When you retype the data, keep every word exactly and include none of the pictures.

[Phrase grounding data]
┏━━
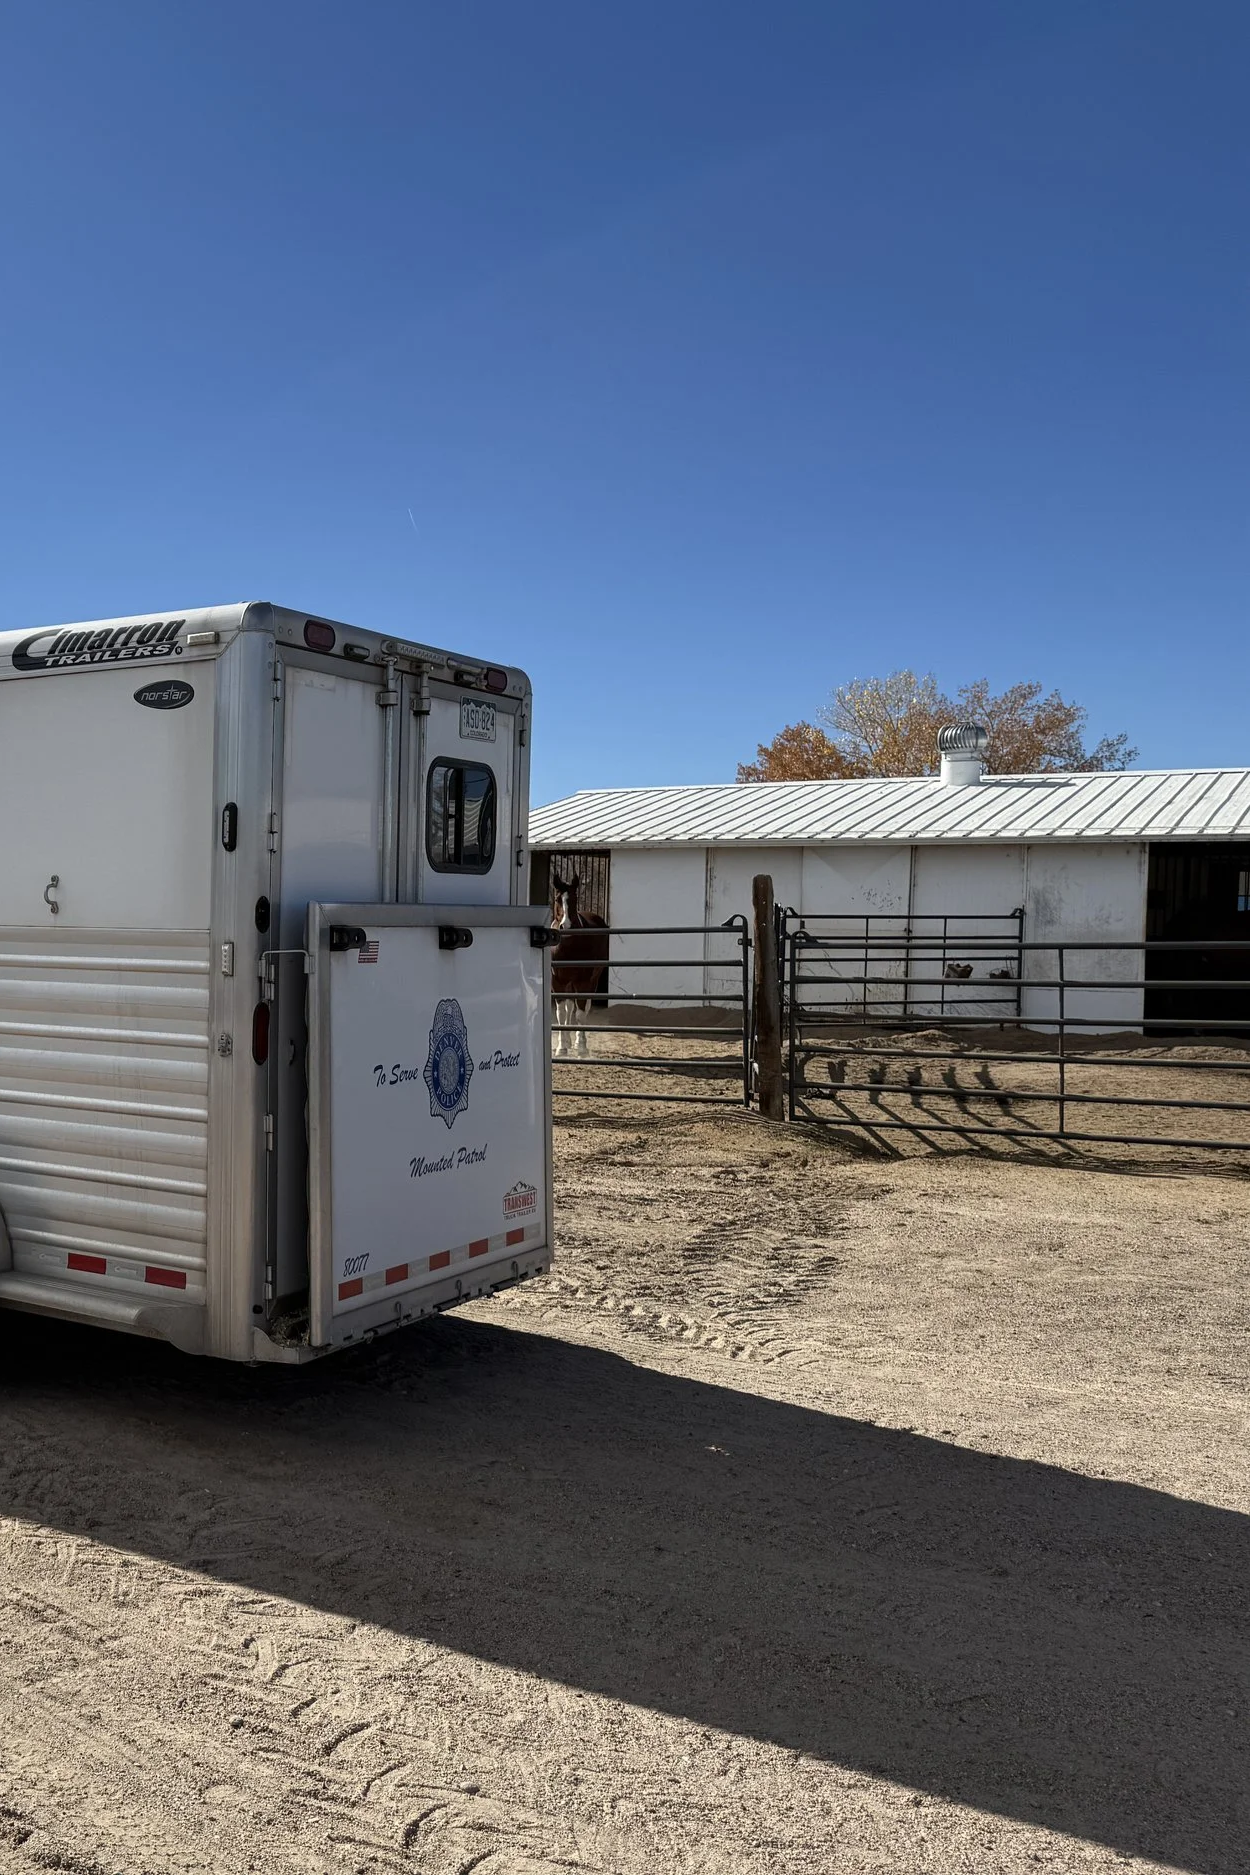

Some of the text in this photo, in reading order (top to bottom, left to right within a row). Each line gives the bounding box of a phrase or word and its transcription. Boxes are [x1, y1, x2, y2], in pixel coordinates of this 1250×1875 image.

[12, 619, 186, 671] Cimarron
[45, 644, 171, 666] TRAILERS
[141, 684, 188, 701] norstar
[479, 1050, 521, 1071] and Protect
[373, 1063, 418, 1087] To Serve
[410, 1143, 487, 1178] Mounted Patrol
[504, 1191, 536, 1212] TRANSWEST
┗━━
Answer to this problem:
Some of the text in this photo, in reading order (top to bottom, left to right within a row). Each line gives the bounding box of a phrase or word and its transcription. Boxes are [x1, y1, x2, y2], in pixel coordinates of this 1250×1875 image.

[12, 619, 186, 671] Cimarron
[45, 644, 171, 666] TRAILERS
[141, 684, 188, 701] norstar
[479, 1050, 521, 1071] and Protect
[373, 1063, 418, 1087] To Serve
[410, 1143, 487, 1178] Mounted Patrol
[504, 1191, 536, 1212] TRANSWEST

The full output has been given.